Political funding is crucial to sustain the activities of any political party.  The expenditure relating to election alone may be termed as campaign finance. This article embraces the term campaign funding to imply the part of the campaign finance funded by the State.  Campaign funding is for conducting competitive election campaign and finance various election related activities in a time frame prescribed by the ECI.  Campaign finance refers to all funds that are raised and spent in order to promote candidates, parties or policies in the electoral contest.  Funds mobilized for elections have a significant impact on the electoral outcome.  Little wonder then that the so-called level playing field of an election arena is heavily tilted towards those who have the deep pockets to influence electoral success.

Political parties raise funds from both private and public sources.  The candidates in the electoral fray also raise funds, sometimes through questionable means.  There is a growing nexus between the political parties and the corporate, organized mafia and other nefarious entities.  The donations to the political parties and the candidates are often in the expectation of quid pro quo which invariably is not in national interest.  The obvious appended hazard is the unsavory role of black money.

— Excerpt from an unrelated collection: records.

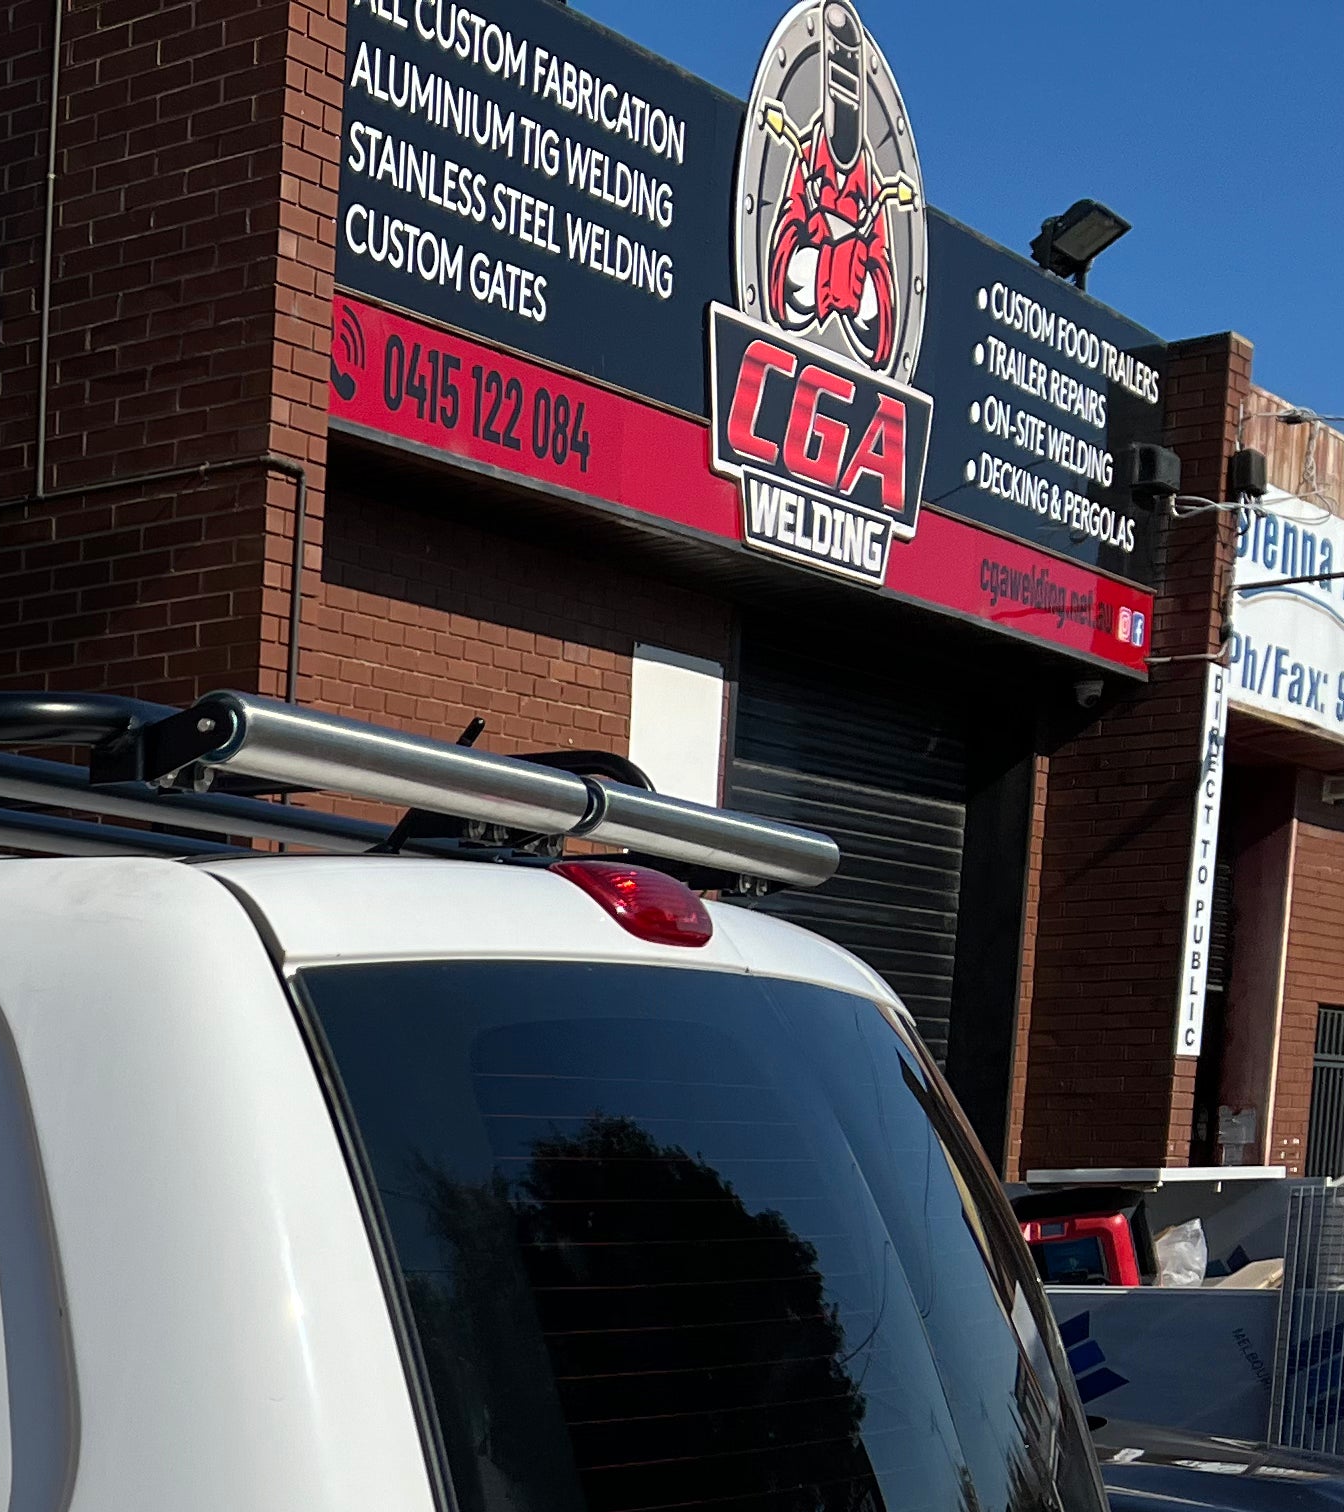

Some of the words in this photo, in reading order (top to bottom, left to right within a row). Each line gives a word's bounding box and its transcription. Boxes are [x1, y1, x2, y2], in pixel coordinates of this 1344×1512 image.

[351, 42, 515, 158] ALUMINIUM
[521, 122, 560, 176] TIG
[566, 137, 674, 229] WELDING
[415, 0, 527, 86] CUSTOM
[533, 47, 686, 164] FABRICATION
[345, 204, 464, 292] CUSTOM
[470, 253, 548, 322] GATES
[348, 121, 487, 223] STAINLESS
[492, 182, 561, 255] STEEL
[566, 212, 674, 300] WELDING
[383, 334, 461, 430] 0415
[472, 366, 523, 452] 122
[532, 387, 591, 473] 084
[987, 335, 1048, 401] TRAILER
[1050, 368, 1107, 429] REPAIRS
[990, 282, 1056, 347] CUSTOM
[1057, 316, 1100, 370] FOOD
[1101, 340, 1160, 405] TRAILERS
[727, 339, 907, 512] CGA
[983, 395, 1045, 456] ON-SITE
[1046, 422, 1114, 488] WELDING
[749, 479, 884, 571] WELDING
[979, 451, 1049, 515] DECKING
[1050, 485, 1062, 521] &
[1063, 495, 1135, 553] PERGOLAS
[980, 558, 1113, 634] cgawelding.net.au
[1198, 839, 1212, 885] TO
[1184, 900, 1205, 1047] PUBLIC

State funding of election campaign is often dismissed on the basis of an argument that it will only be a drop in the ocean of corruption.  But to allow this limitation to discourage any proposal on the subject might hamper the larger cause of democracy in the long run.  Funding of election campaign may not right away dismantle the already established nexus between the political parties and their “donors”, but in the long term a step in this direction will surely have a role to play in snapping the ties of allegiance between these formidable companions pumping black money in the system. State support to campaign funding has generated strong “for and against” views in India.   Almost all the government committees formed on the issue of electoral reforms deliberated on the issue of campaign funding but fell short of coming to any concrete policy consensus which could then be tested in terms of ground reality through execution.  There have been significant proposals on the subject from civil society members who have pro-actively advocated for election funding.

Public Interest Foundation (PIF) through in-house research, supplemented with discussions with like-minded NGOs, as well as the intellectual think tanks, has evolved a feasible minimalistic framework of campaign funding for adoption and expeditious implementation. The scheme in tabular form is annexed.

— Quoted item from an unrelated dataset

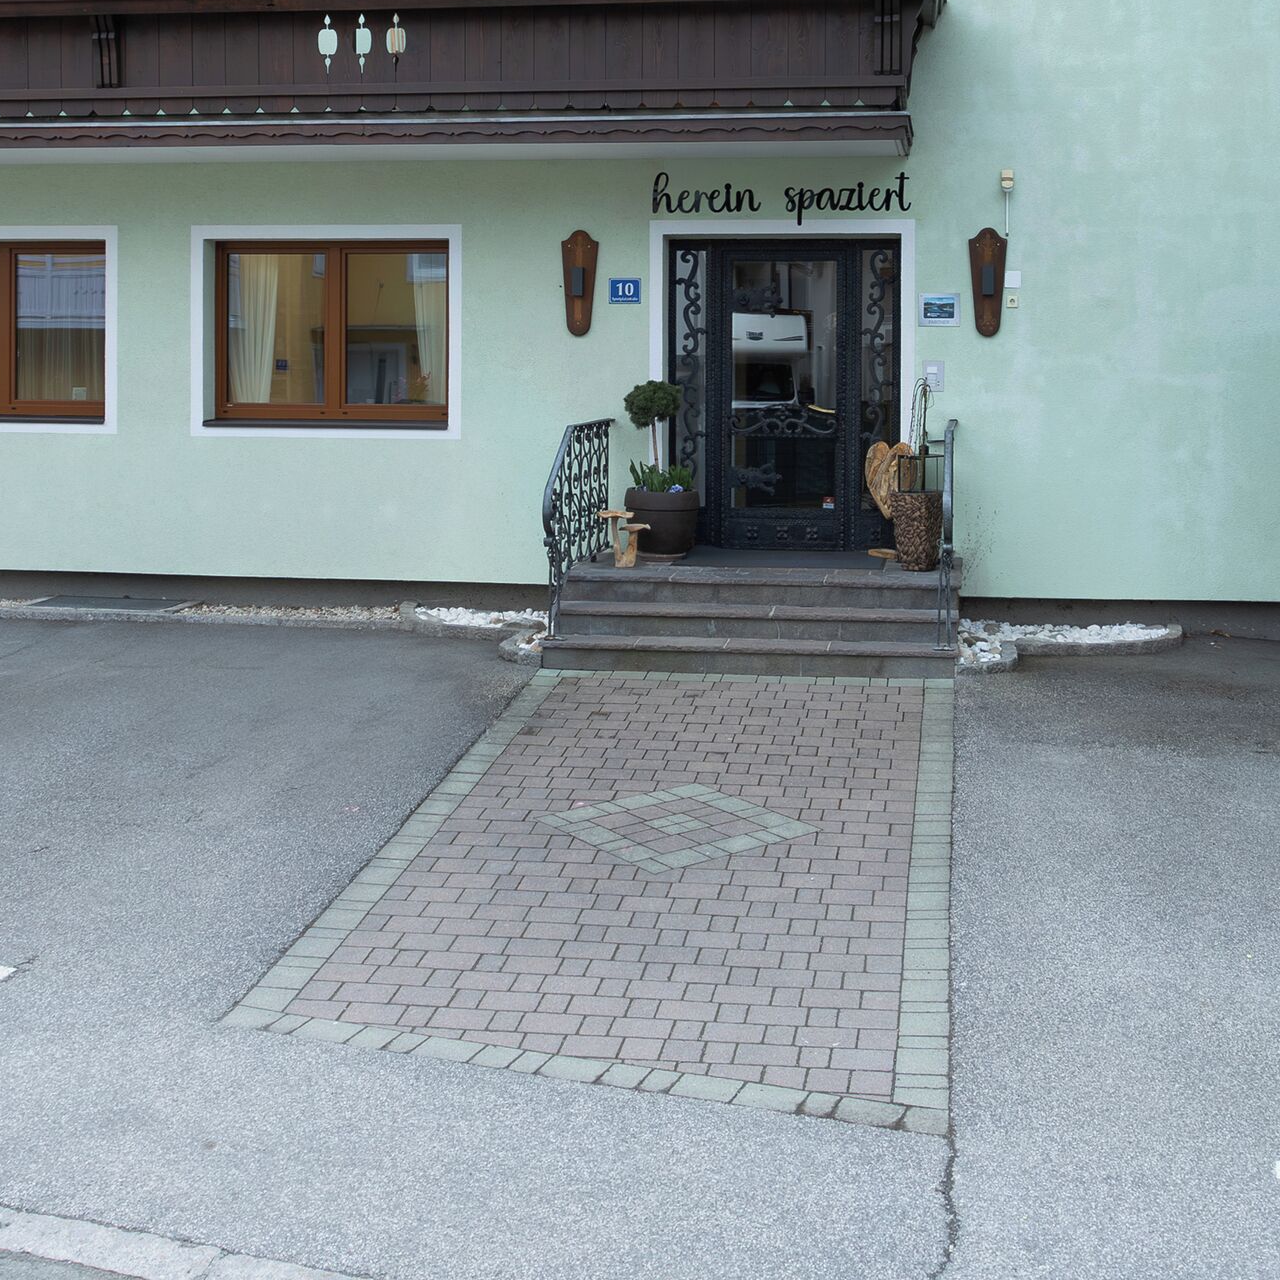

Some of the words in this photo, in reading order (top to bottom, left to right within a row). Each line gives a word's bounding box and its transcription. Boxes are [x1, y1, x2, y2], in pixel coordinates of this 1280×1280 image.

[652, 172, 761, 214] herein
[784, 172, 911, 226] spaziert
[616, 282, 634, 296] 10

As per the scheme, the administration of campaign funding will be entrusted to the ECI, who would operate the earmarked funds through a designated account for the purpose.  The funds would be non-lapsable. The fund would be created through transfers from the Union Government.  The decision of ECI on the subject of campaign funding will be final.  The Commission needs to be delegated powers to frame rules under the RPA, 1951 for the purpose.  The pattern will be same for Lok Sabha and Assembly elections.  However, it will be advisable to implement the scheme on a pilot basis in next Lok Sabha elections.

Campaign funding is not to be viewed as the expenditure related to various activities of the political parties; it is restricted to the elections only.  The ECI will make the disbursement in two stages.  The first disbursement would be made to the political party immediately after the notification of election date.  The second disbursement to the candidates would be made in two installments; first immediately after the acceptance of valid nomination form and the second after the election results. The disbursement to the candidates has been furnished in two installments to prevent non-serious candidates from siphoning of the state funding and to ensure that the funds provided to the candidate is in congruence with the valid votes polled.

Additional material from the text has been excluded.